Japanese flu drug 'clearly effective' in treating coronavirus, says China | World news | The Guardian

  ガーディアンでは、「サクラ」という機関は言及されてませんし、きちんと「日本の厚生労働省」としています。そして、ソースとなっている毎日新聞を探してみました。

 毎日新聞には「アビガン」関係の記事が複数ありましたが、臨床試験の結果が乗っていそうなものは以下(有料記事!!!!!)、3月16日付の記事です。

mainichi.jp

 有料記事なので、内容を精査することはできませんでしたが、代わり厚生省の情報を探してみました。しかし直接、アビガンとコロナの関係についての情報の公表はしていないようです。(記者会見などでは度々名前が挙がっているらしい。)

bio.nikkeibp.co.jp

 先にも言及した記事では、加藤厚生労働大臣の言葉として報道されています。

www.mixonline.jp

 まだ研究段階なので、厚生労働省も「なんとも言えない・・・」としていたところ、中国の研究所が有効性を認め、大々的に公表したというのが今回の国内外におけるアビガン報道の温度差につながったと考えられます。
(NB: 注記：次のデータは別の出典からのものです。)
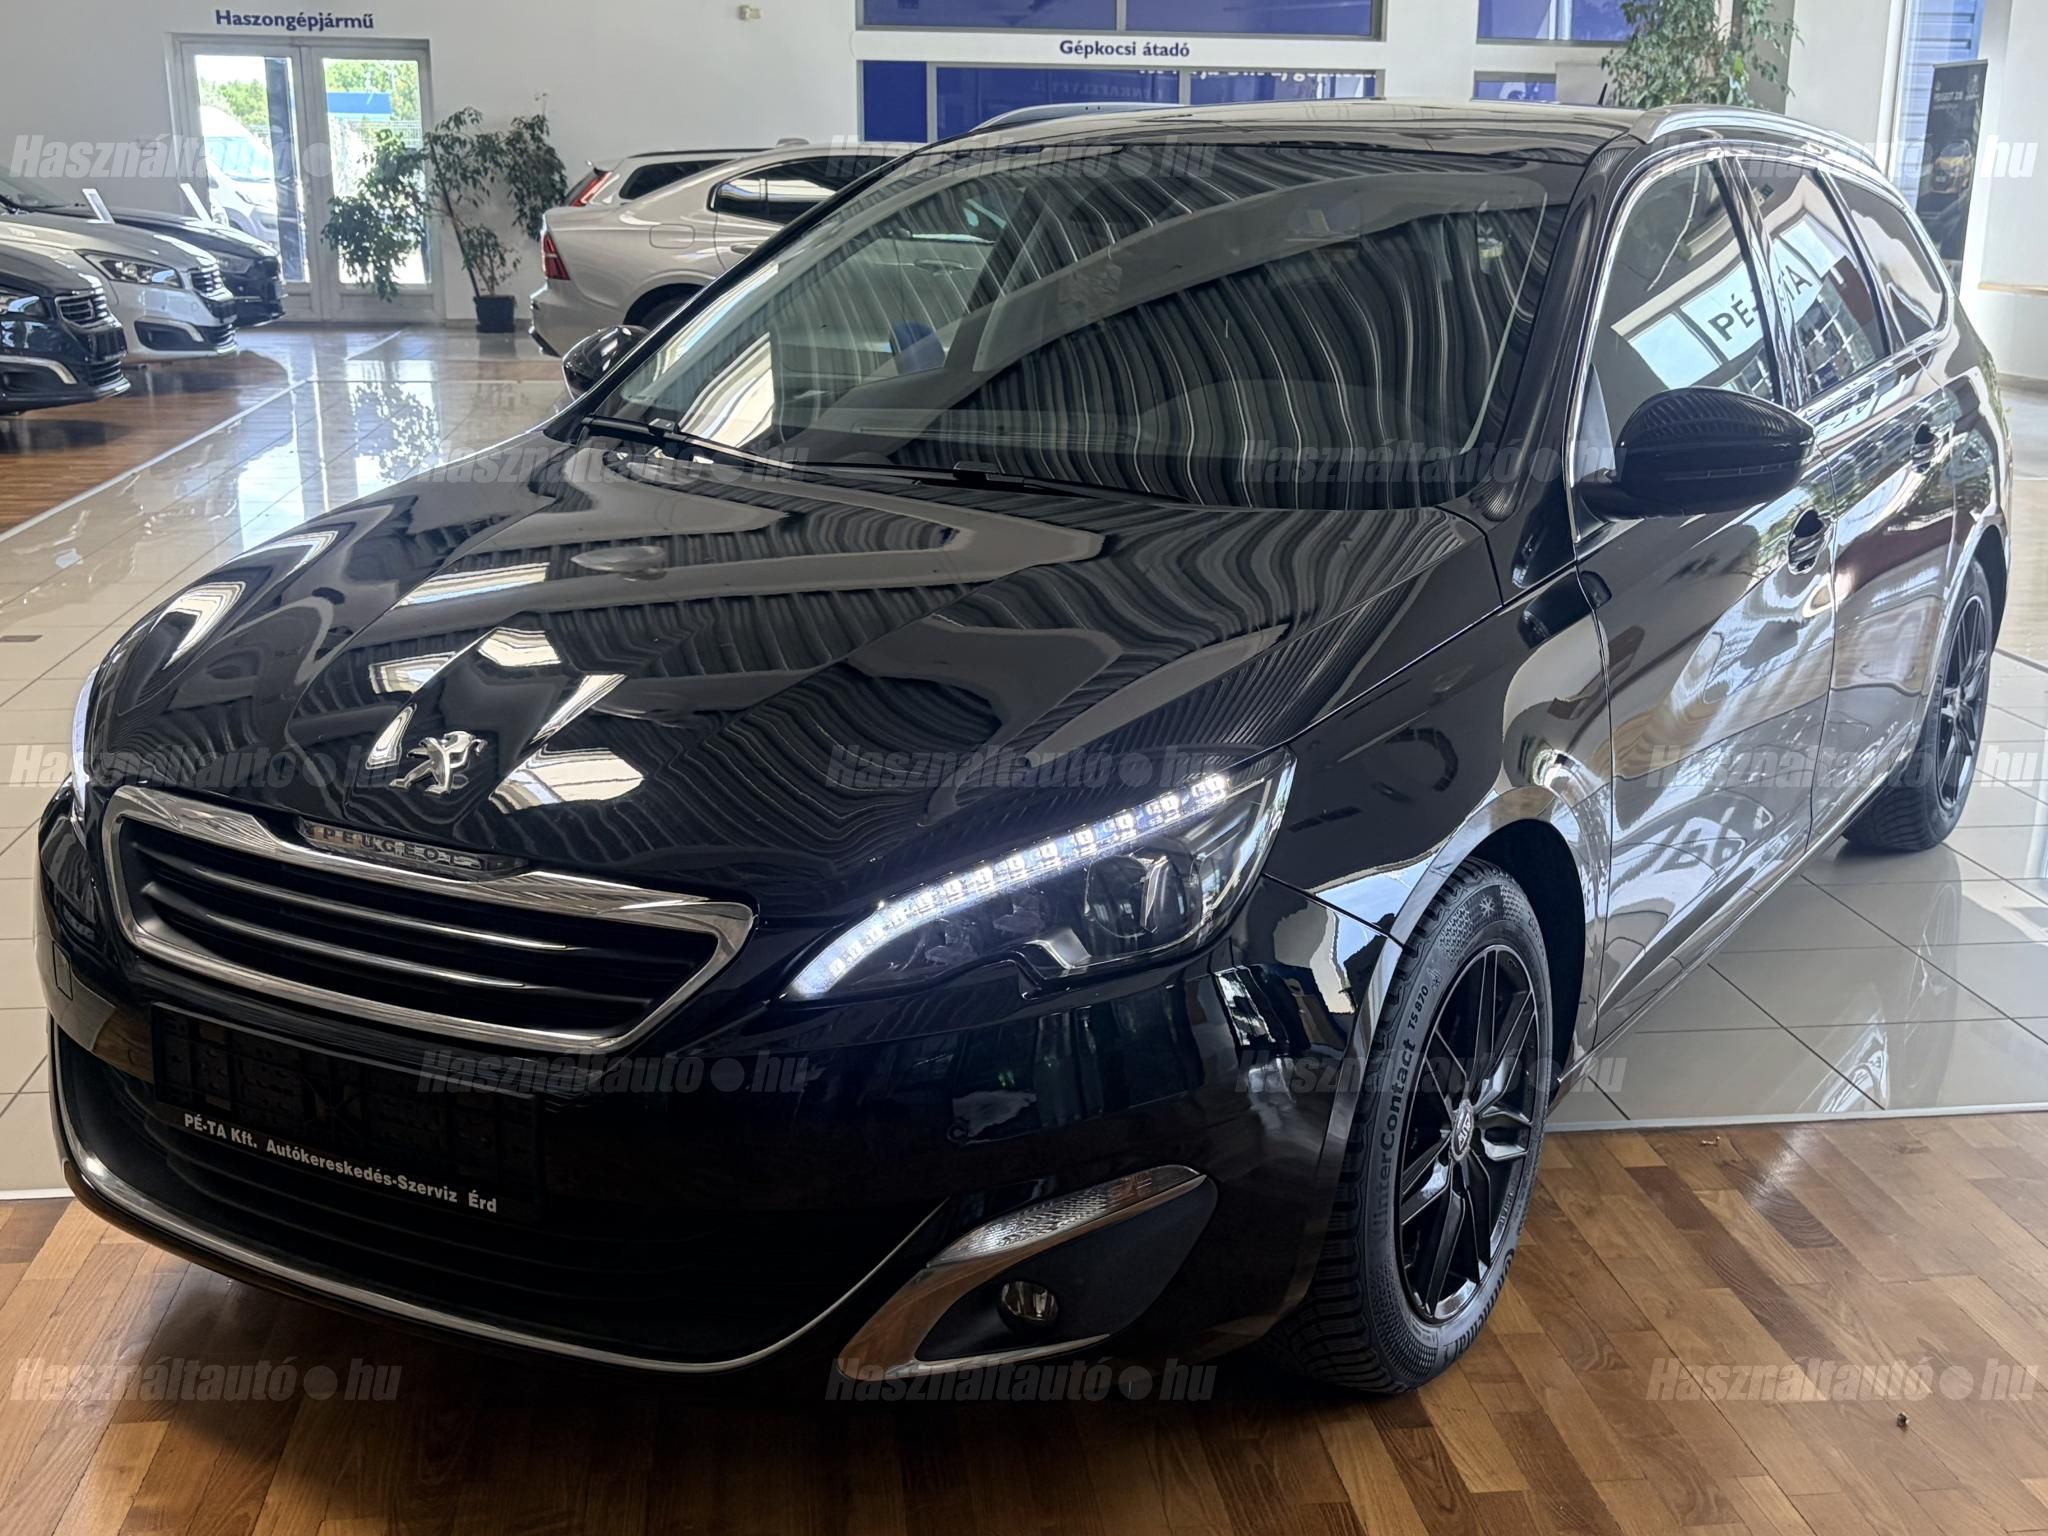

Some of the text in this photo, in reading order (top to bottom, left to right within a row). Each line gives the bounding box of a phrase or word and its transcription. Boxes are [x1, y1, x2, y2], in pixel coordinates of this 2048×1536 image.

 検証は、二月末以来続いていたようです。以下の記事では、世界での研究状況がまとめられていました。

bio.nikkeibp.co.jp

 厚生労働省では、アビガンに関する情報を正式に公表していませんが、ワクチンの開発について情報が公開されていました。

www.mhlw.go.jp

 まぁ、とりあえず厚生省は「サクラ」という名前に改名したりしていないので、ご心配なく!そして、特効薬・ワクチンの開発が進んでいる、開始されているというのは事実です。よかった、よかった。

インドネシア人コミュニティでも正しい情報をシェアしようとする試みがされていた

 私がこの記事を読むきっかけとなったフェイスブックにおけるシェアでは、医療関係者によるコメントとして、正しい情報を共有しようという動きが見られました。

 フェイスブックでシェアされていた医療関係者のコメントにリーチできるインドネシア人はこの記事だけを読むインドネシア人の数に比べてはるかに少ないことが予想できます。しかし、インドネシア人コミュニティでもこうした情報リテラシーが高まっていることを知ることができてよかったとも感じます。

 情報が錯綜しやすいご時世なので、国境関係なく情報リテラシーを高めていく必要がありますね・・・。(この記事にも誤訳・誤情報が紛れ込んでいる可能性があるので、各自・適宜参照元を確認していただければ幸いです。)

 もし、インドネシア人の友人に「保健省「サクラ」」について聞かれたら、残念ながらそんな雅な名前のついた国家機関は存在していないことを教えてあげようと思います( ´艸`)

 とにもかくにも早く、コロナ危機が収束しますように・・・・・!!!!!以上、日本の風邪薬がコロナに効くとインドネシアで話題になってる件について、調べてみた結果でした。